NRO on John Allison

 Posted by on 1 May 2009 at 9:00 pm  Business, Objectivism
May 012009

The April 30, 2009 National Review Online published an excellent article on banker John Allison (former CEO of BB&T Bank), including an extended discussion on how his success in business was a consequence of following Ayn Rand’s philosophy of Objectivism.

Here are a few excerpts:

Objectivist Philosophy for Fun and Profit
How a banker avoided ruin by cleaving to Ayn Rand’s system of ethics
By Mark Hemingway

…The fact that BB&T didn’t dive head-first into the shallow pool of subprime mortgages certainly goes a long way toward explaining the relative health of BB&T as an institution. But how was BB&T able to resist chasing after all that new mortgage money?

The answer is simple: Subprime mortgages were bad for the people who took them out. That went against BB&T’s philosophy — not for reasons of altruism but because it would have been poor strategy. “We’re obviously a for-profit company, but we don’t think that it’s good business in the long term to do bad things to your clients, even if you make a profit doing it,” Allison said. “So we chose not to do negative-amortization mortgages because we knew it was going to get a lot of people in financial trouble.”

In retrospect, the wisdom of this approach might seem obvious. However, Allison navigated through the overheated mortgage market and the ensuing banking crisis by relying, in large part, on a philosophy that many others are now turning to: “I got interested in [Ayn] Rand in the late 1960s. I read Capitalism: The Unknown Ideal. I had already been interested in economics, and as I finished college, I got interested in finance. I saw the banking system as central to a capitalist economy.”
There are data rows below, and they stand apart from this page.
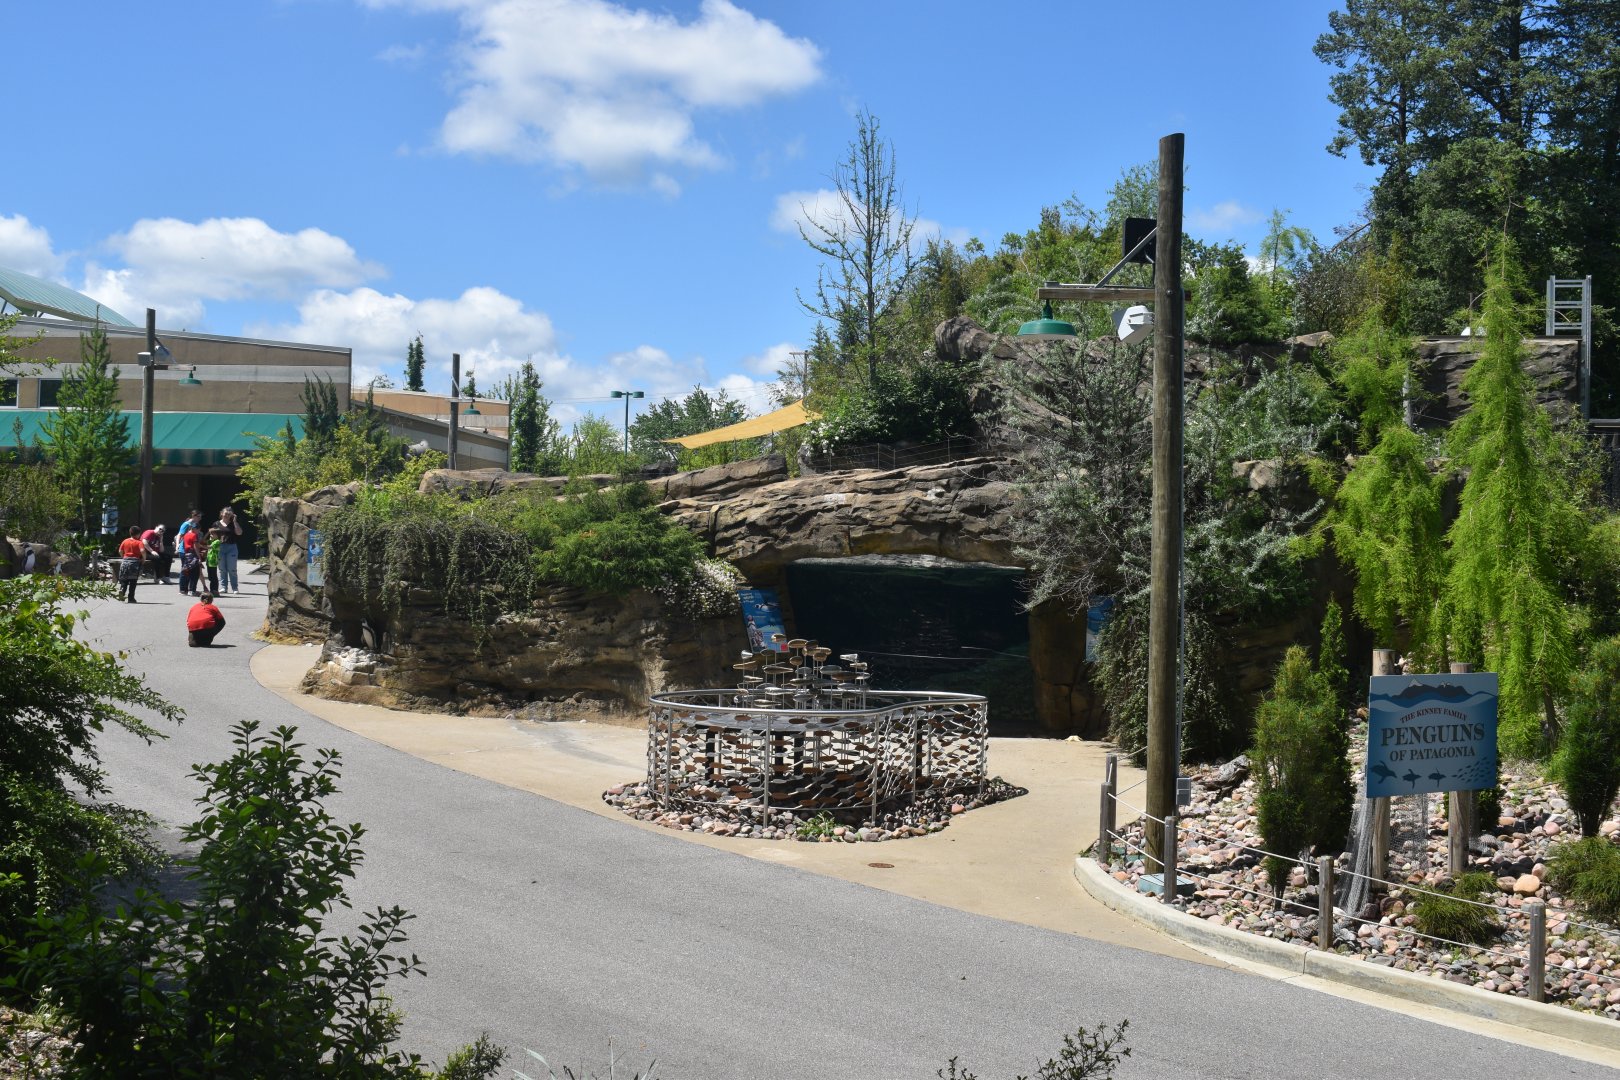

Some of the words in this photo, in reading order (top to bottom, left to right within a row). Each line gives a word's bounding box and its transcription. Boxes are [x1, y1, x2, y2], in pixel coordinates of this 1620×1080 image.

[1400, 712, 1416, 724] THE
[1416, 707, 1443, 717] KINNEY
[1443, 708, 1467, 721] FAMILY
[1380, 722, 1485, 747] PENGUINS
[1389, 750, 1407, 762] OF
[1410, 746, 1475, 761] PATAGONIA
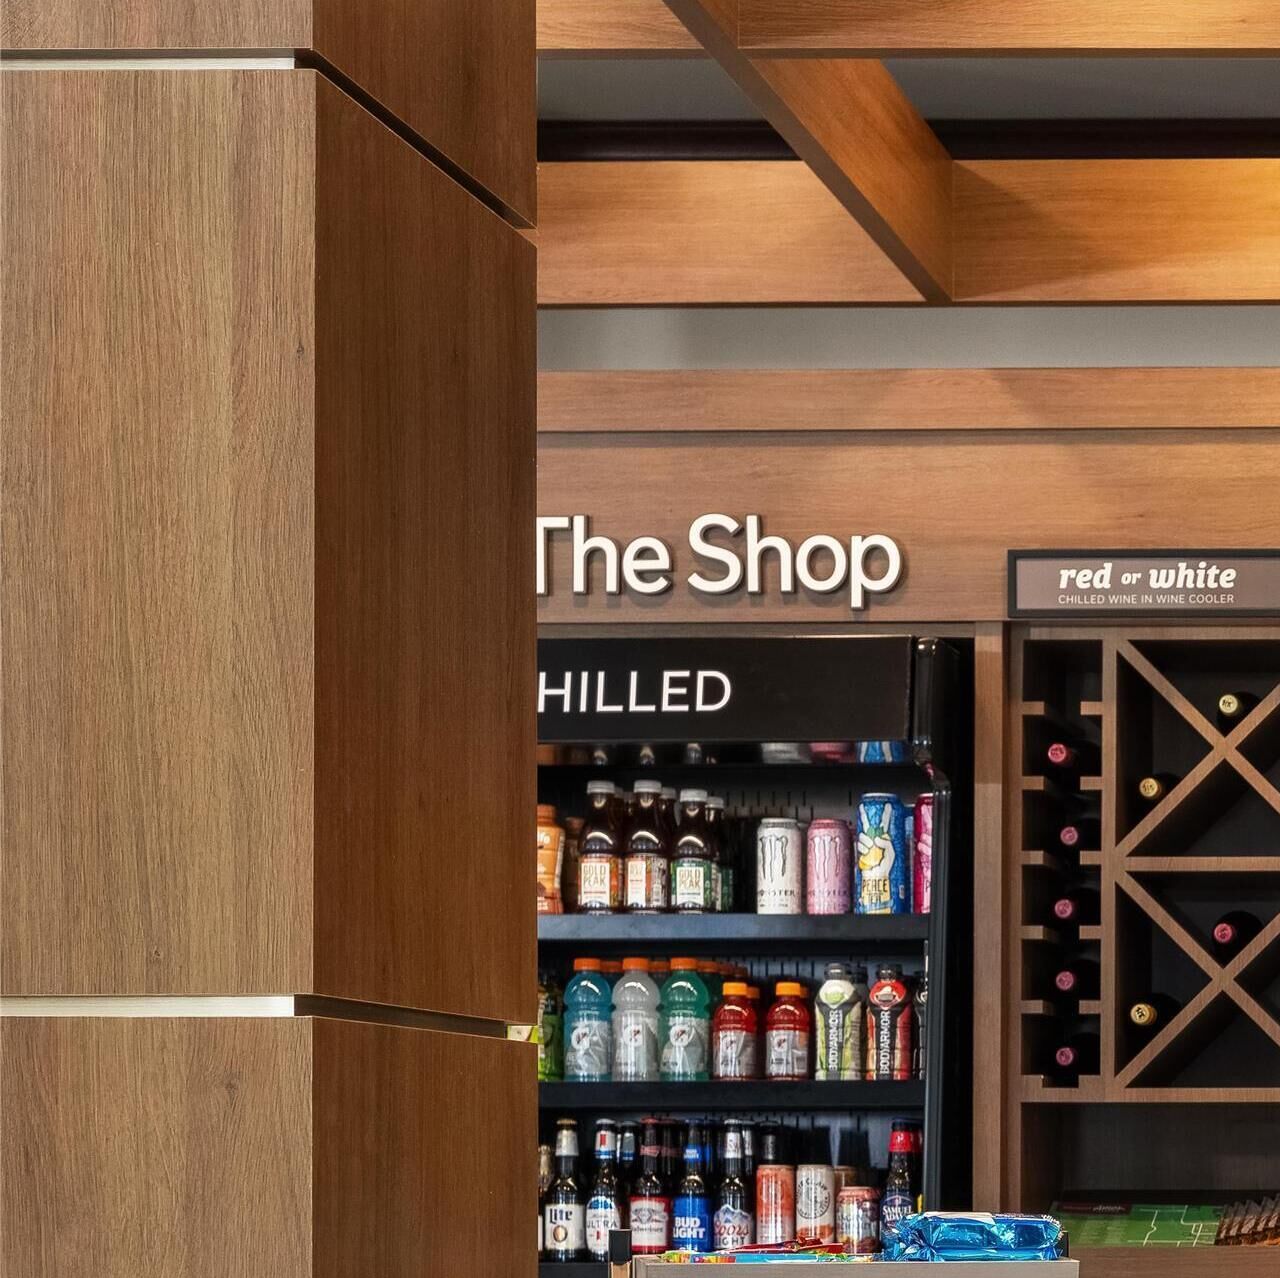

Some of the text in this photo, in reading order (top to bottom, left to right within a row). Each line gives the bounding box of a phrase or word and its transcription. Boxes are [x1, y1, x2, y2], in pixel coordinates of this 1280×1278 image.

[688, 513, 901, 609] Shop
[1058, 561, 1237, 590] red or white
[1058, 593, 1235, 604] CHILLED WINE IN WINE COOLER
[537, 670, 732, 712] HILLED
[880, 1010, 890, 1074] BODYARMOR
[549, 1208, 573, 1225] Lite
[587, 1219, 618, 1229] ULTRA
[675, 1216, 700, 1227] BUD
Allison understands the tie between abstract philosophy and real-world business success:

…”A lot of people miss the fact that Rand has a very strong ethical system,” he observes. “Rand says you can derive ethics from reality. If anything, Rand is more rigorous in her ethical system than most codes are. If you’re dishonest, you are disconnected from reality, and that has consequences.”
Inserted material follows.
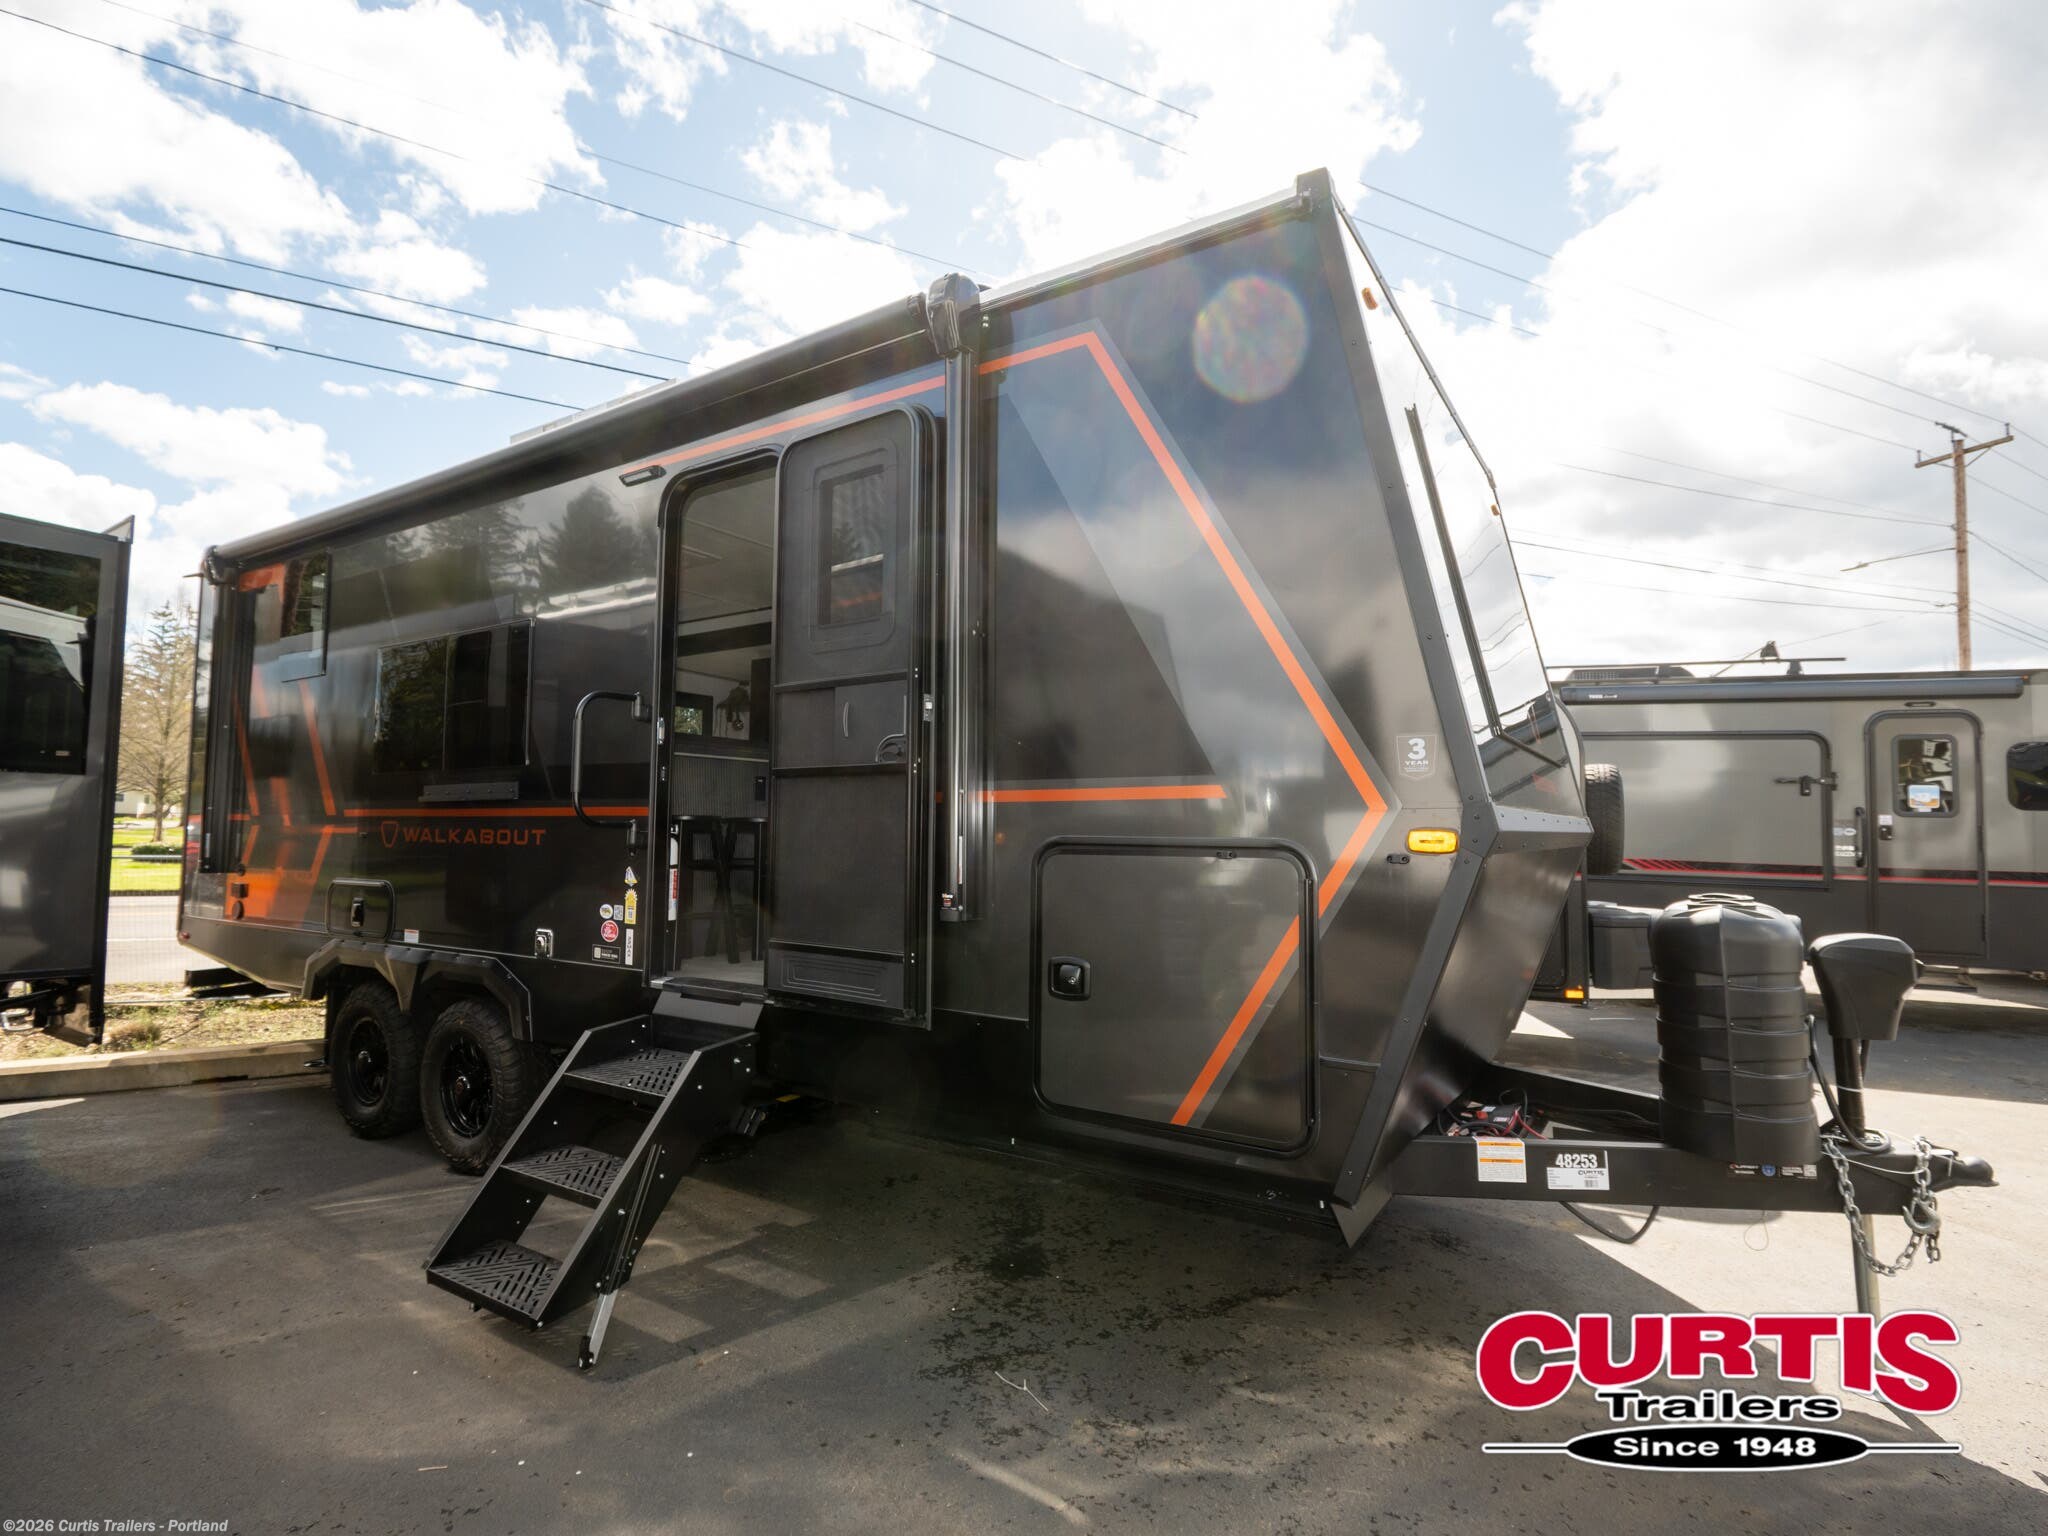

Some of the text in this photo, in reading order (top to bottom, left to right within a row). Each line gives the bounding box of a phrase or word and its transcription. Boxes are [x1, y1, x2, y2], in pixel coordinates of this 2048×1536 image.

[1407, 737, 1426, 760] 3
[403, 827, 546, 845] WALKABOUT
[1555, 1153, 1598, 1168] 48253
However, simply because Rand doesn’t endorse altruism for altruism’s sake, many people misconstrue her to be amorally selfish. Rand “doesn’t view ethics as self-sacrificial,” Allison says, “she views ethics as a rational means to success and happiness. If you described her in principle, she would say that you shouldn’t take advantage of other people because that is unethical behavior and self-defeating. But you also shouldn’t self-sacrifice. What you really need to do is run your life in relationship to other people in context to what she calls the trader principle. The trader principle is about what I call creating win-win relationships. We trade value for value and we get better together, and we find these common grounds where we can get better together.”
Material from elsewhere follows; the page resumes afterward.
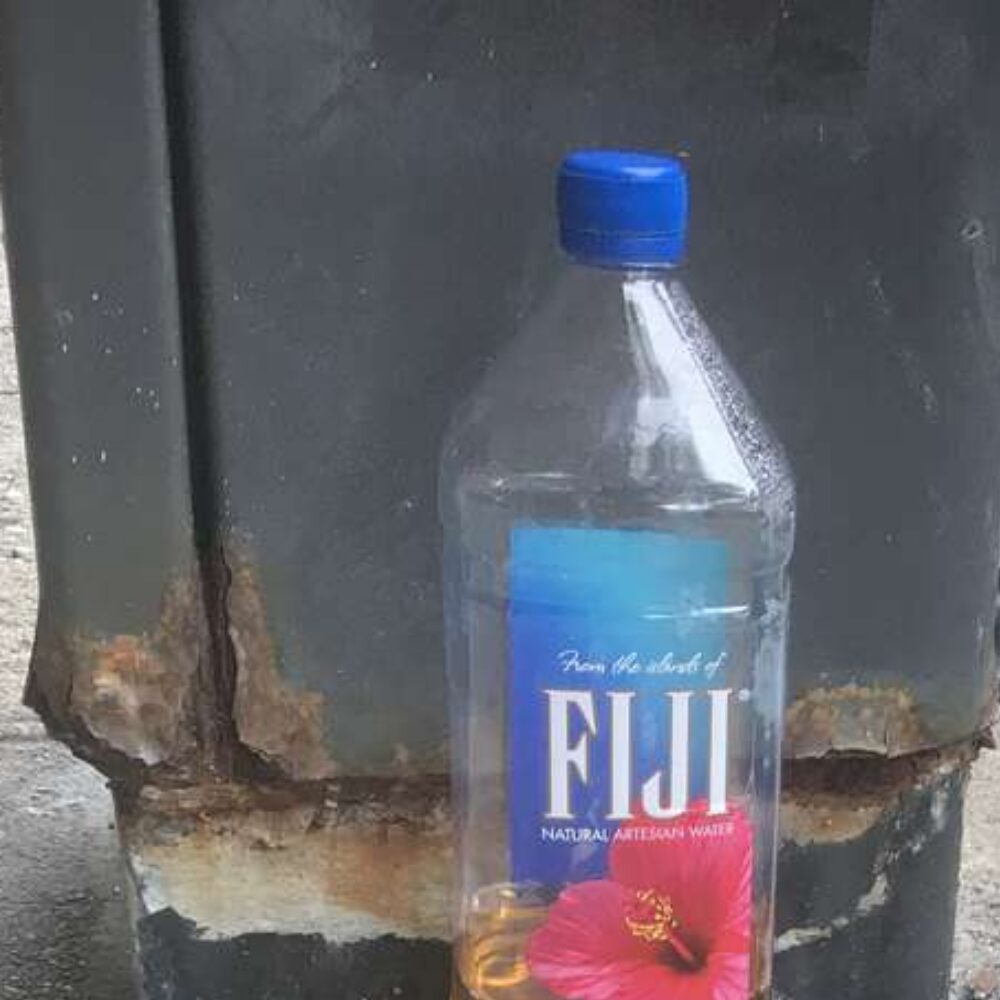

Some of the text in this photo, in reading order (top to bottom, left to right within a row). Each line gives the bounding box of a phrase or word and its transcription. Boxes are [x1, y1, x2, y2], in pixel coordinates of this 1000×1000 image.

If that can be said to be BB&T’s guiding principle, the empirical evidence would suggest that the bank’s customers and shareholders are better off for it. In fact, it was misguided altruism that got us into the current financial crisis, and Allison has no problem identifying whose economic philosophy was flawed. “I think that government policy is the primary cause” of the financial crisis, he says. “Government policy set up the problems we have in the real-estate market, and it is the Big Kahuna in the room.”

(Read the whole article.)

Objectivists will recognize BB&T’s core values as the keys to success in business and life:

* Honesty
* Integrity
* Justice
* Reason
* Independent Thinking
* Reality
* Productivity
* Teamwork
* Self-Esteem
* Pride

How well did that code of values work out for BB&T shareholders?

When John Allison became CEO of BB&T in 1989, the bank had 187 branches in two states, with $4.7 billion in assets.

When he retired as CEO at the end of 2008, BB&T operated over 1500 financial centers in 11 states (plus DC), with $136.5 billion in assets, a track record Allison can be proud of.